(THE TASK) Go through the data and copy every line exactly, but not the images.

□ □ □ □

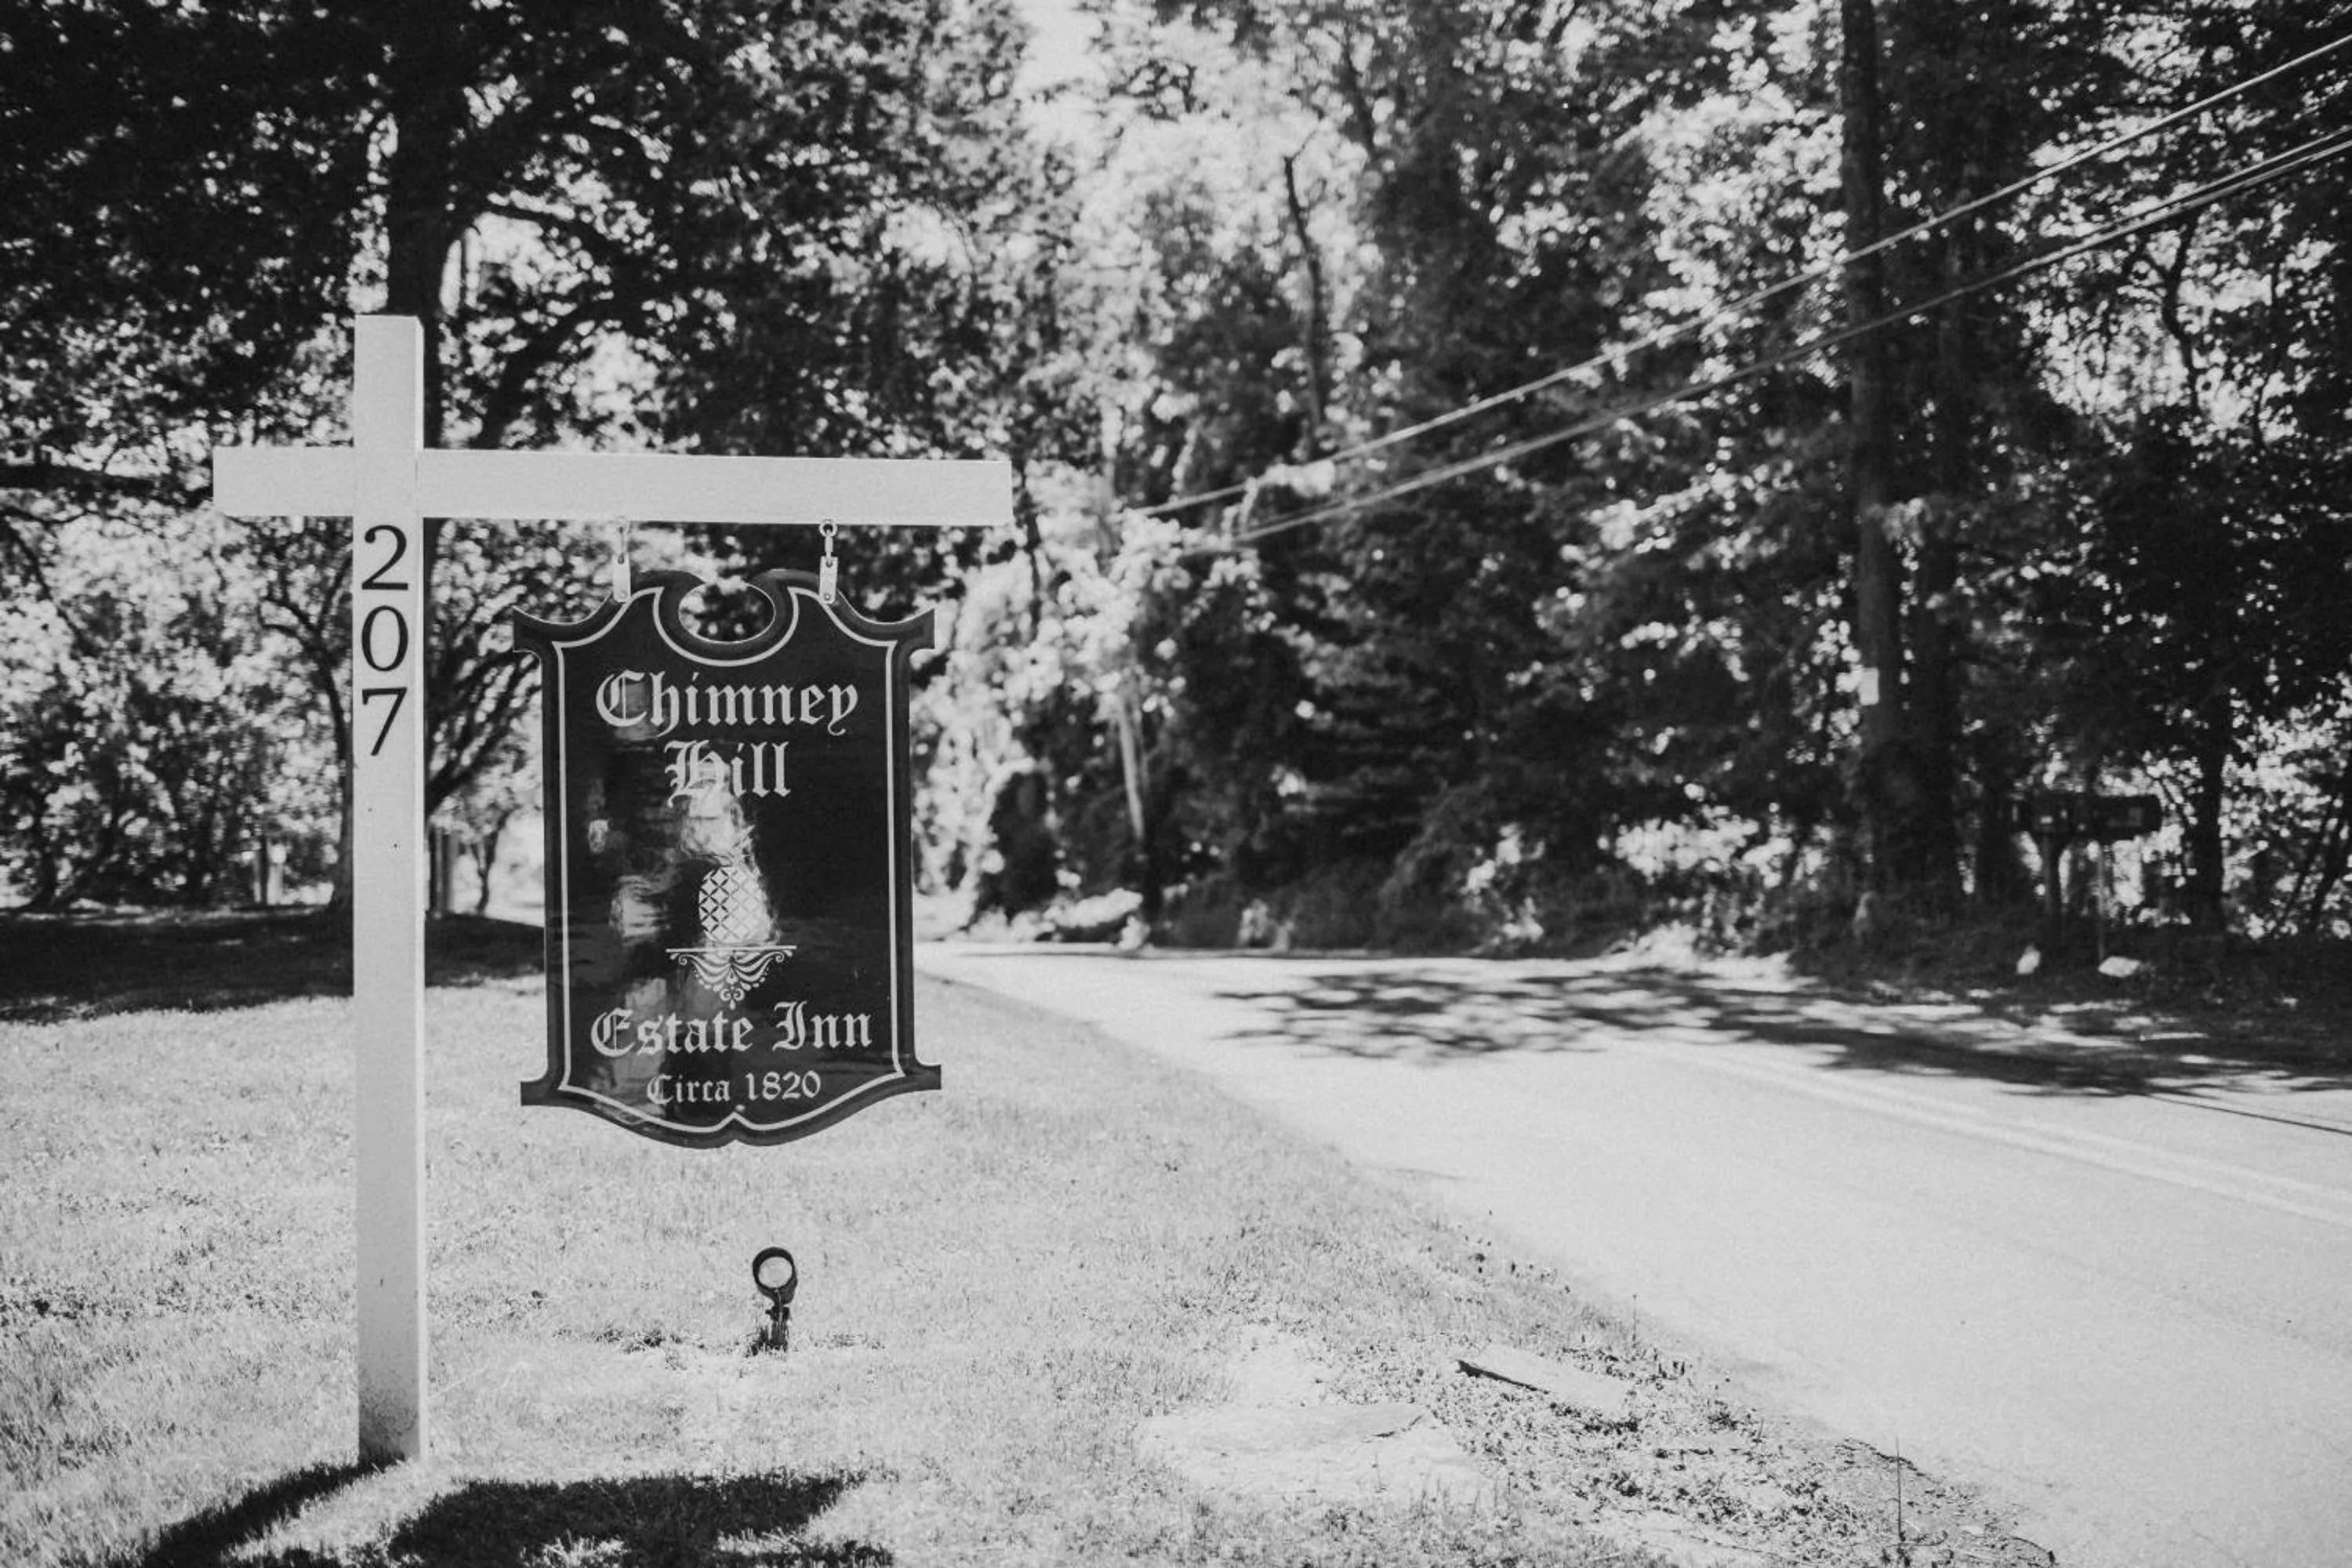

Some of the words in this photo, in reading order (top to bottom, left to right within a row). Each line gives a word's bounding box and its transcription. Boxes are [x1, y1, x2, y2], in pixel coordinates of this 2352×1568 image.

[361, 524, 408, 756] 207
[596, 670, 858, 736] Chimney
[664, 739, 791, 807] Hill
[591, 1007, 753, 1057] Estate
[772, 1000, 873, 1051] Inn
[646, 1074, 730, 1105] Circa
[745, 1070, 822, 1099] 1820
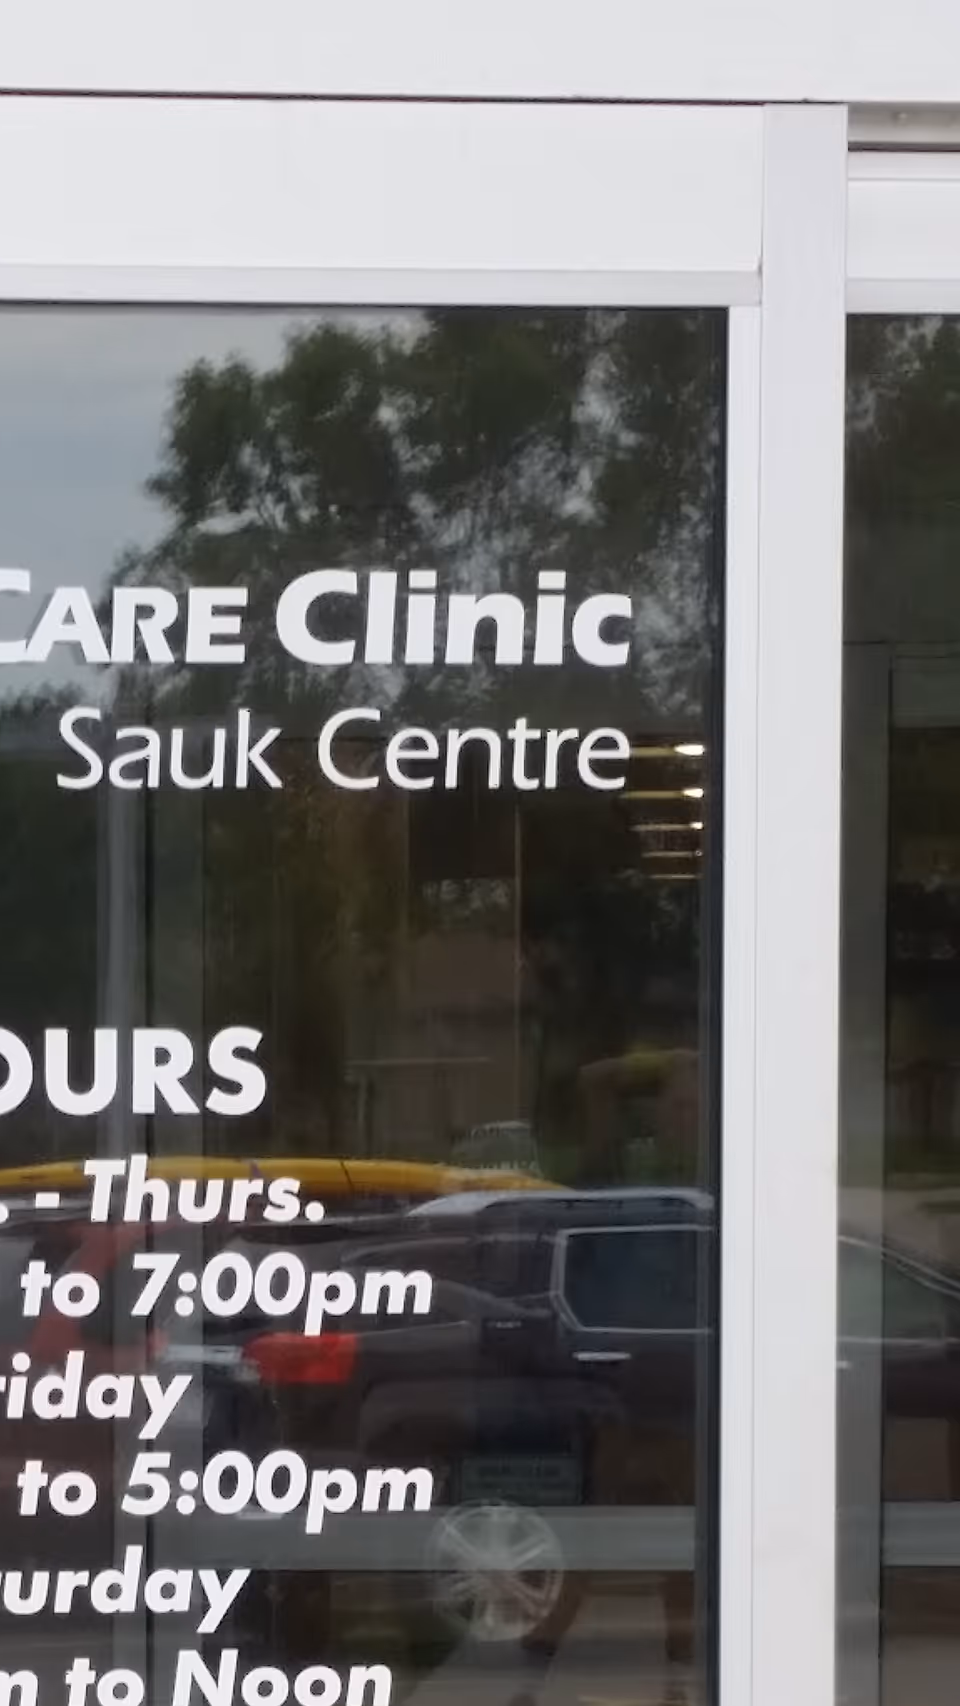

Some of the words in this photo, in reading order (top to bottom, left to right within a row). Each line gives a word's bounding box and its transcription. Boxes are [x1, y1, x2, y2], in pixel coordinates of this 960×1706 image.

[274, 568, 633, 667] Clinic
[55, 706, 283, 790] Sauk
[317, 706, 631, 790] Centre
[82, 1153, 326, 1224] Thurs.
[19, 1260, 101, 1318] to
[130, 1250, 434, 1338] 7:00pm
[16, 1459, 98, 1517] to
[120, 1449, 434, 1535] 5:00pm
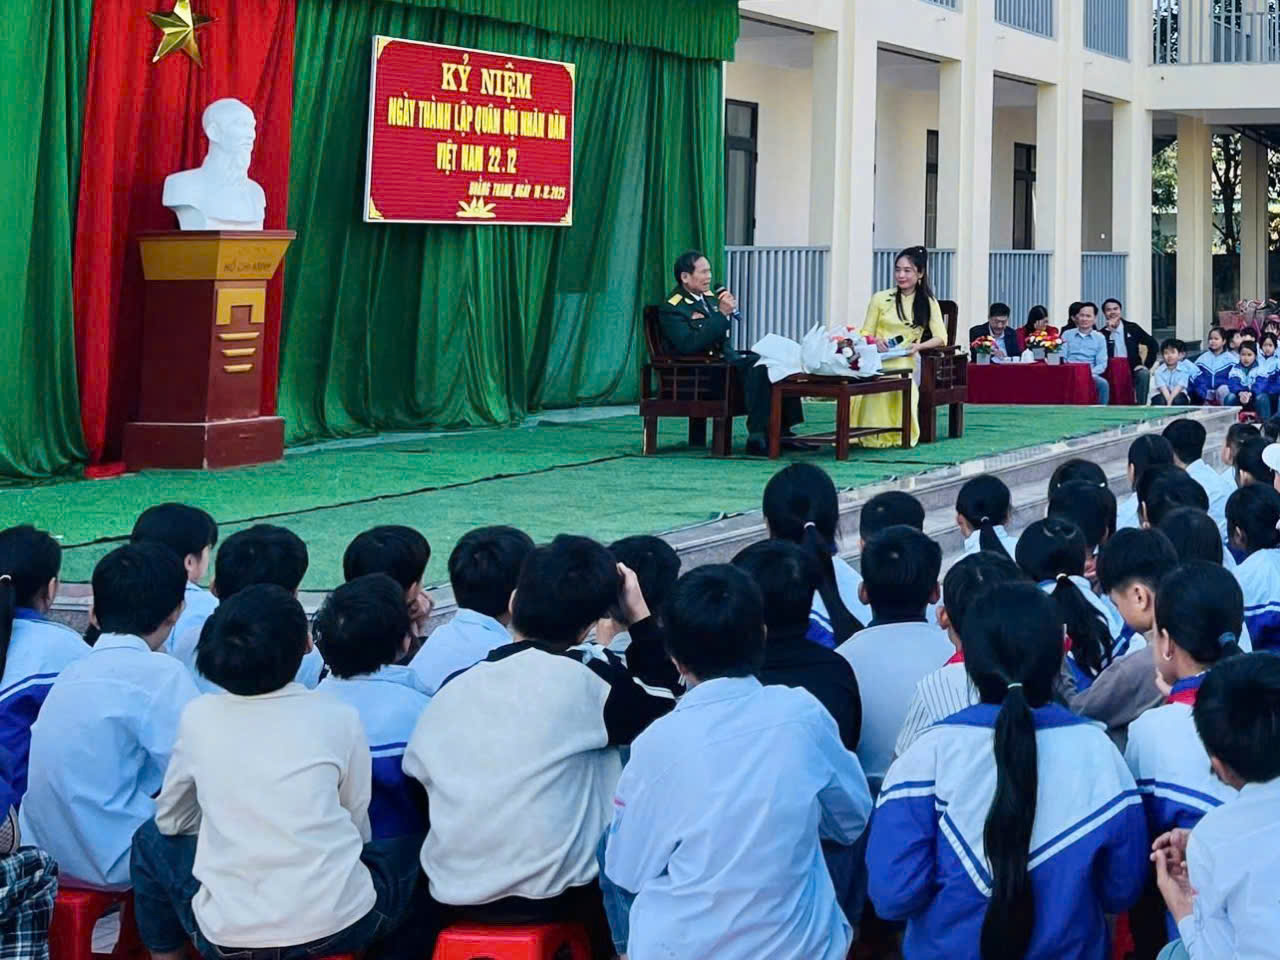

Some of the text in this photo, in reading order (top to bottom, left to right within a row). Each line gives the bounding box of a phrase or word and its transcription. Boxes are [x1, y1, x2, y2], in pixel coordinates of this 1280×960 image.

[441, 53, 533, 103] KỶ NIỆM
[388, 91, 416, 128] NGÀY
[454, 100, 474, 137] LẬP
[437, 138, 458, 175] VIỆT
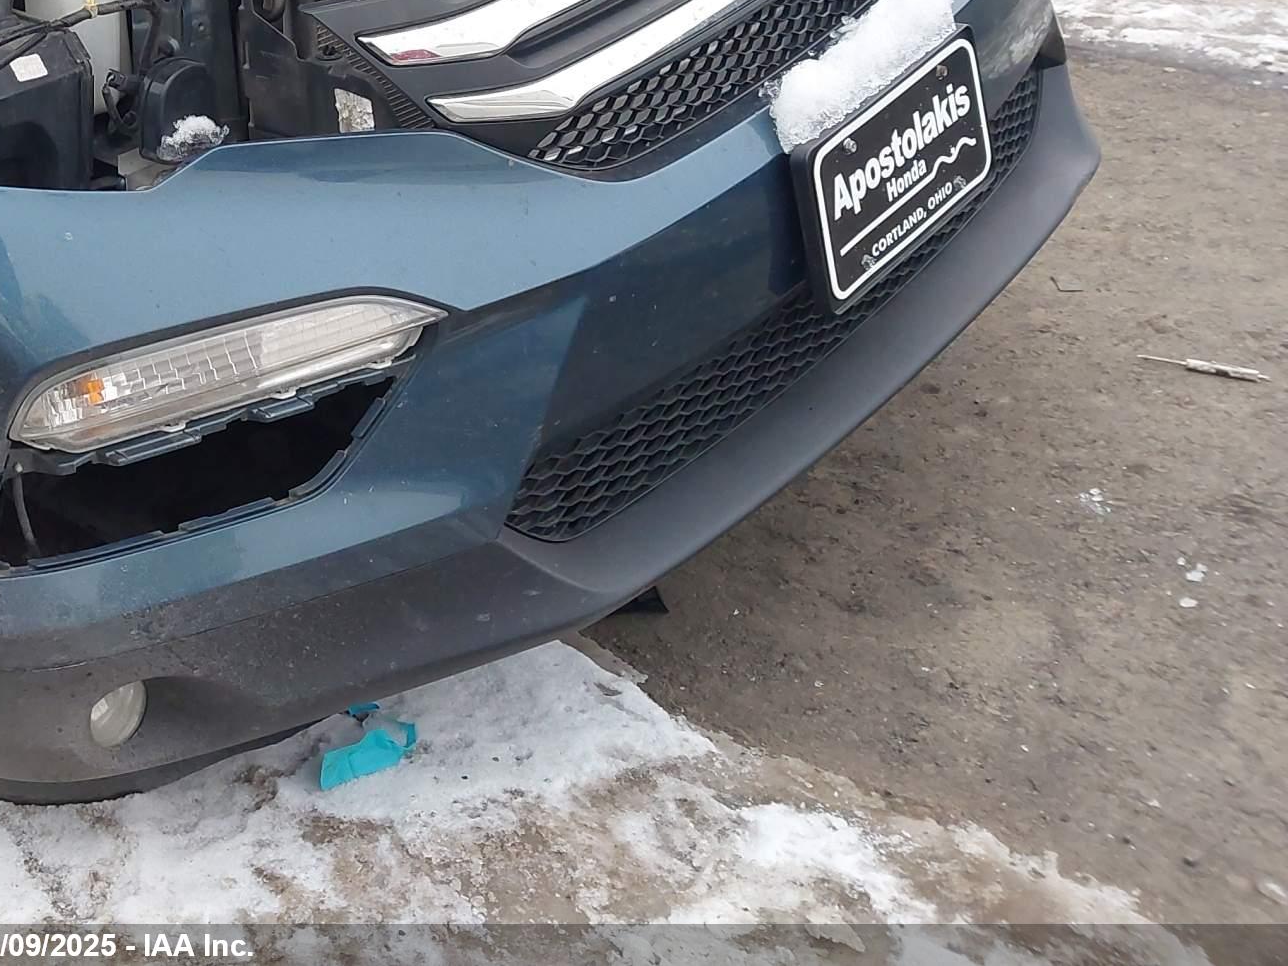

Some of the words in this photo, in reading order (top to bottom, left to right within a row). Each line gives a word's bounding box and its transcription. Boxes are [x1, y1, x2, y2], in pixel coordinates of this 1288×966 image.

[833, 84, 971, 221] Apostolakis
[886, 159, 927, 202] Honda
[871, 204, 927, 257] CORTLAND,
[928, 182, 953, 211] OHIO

□ □ □ □

(RESULT)
Some of the words in this photo, in reading order (top to bottom, left to right within a row). Each line gives a word's bounding box and its transcription. Boxes are [x1, y1, x2, y2], in pixel coordinates of this 2352×1568 image.

[361, 524, 408, 756] 207
[596, 670, 858, 736] Chimney
[664, 739, 791, 807] Hill
[591, 1007, 753, 1057] Estate
[772, 1000, 873, 1051] Inn
[646, 1074, 730, 1105] Circa
[745, 1070, 822, 1099] 1820

Some of the words in this photo, in reading order (top to bottom, left to right within a row). Each line gives a word's bounding box and its transcription. Boxes are [x1, y1, x2, y2], in pixel coordinates of this 960×1706 image.

[274, 568, 633, 667] Clinic
[55, 706, 283, 790] Sauk
[317, 706, 631, 790] Centre
[82, 1153, 326, 1224] Thurs.
[19, 1260, 101, 1318] to
[130, 1250, 434, 1338] 7:00pm
[16, 1459, 98, 1517] to
[120, 1449, 434, 1535] 5:00pm

Some of the text in this photo, in reading order (top to bottom, left to right within a row). Each line gives the bounding box of a phrase or word and its transcription. Boxes are [x1, y1, x2, y2], in pixel coordinates of this 1280×960 image.

[441, 53, 533, 103] KỶ NIỆM
[388, 91, 416, 128] NGÀY
[454, 100, 474, 137] LẬP
[437, 138, 458, 175] VIỆT

Some of the words in this photo, in reading order (top to bottom, left to right within a row). Each line gives a word's bounding box and its transcription. Boxes are [x1, y1, x2, y2], in pixel coordinates of this 1288×966 image.

[833, 84, 971, 221] Apostolakis
[886, 159, 927, 202] Honda
[871, 204, 927, 257] CORTLAND,
[928, 182, 953, 211] OHIO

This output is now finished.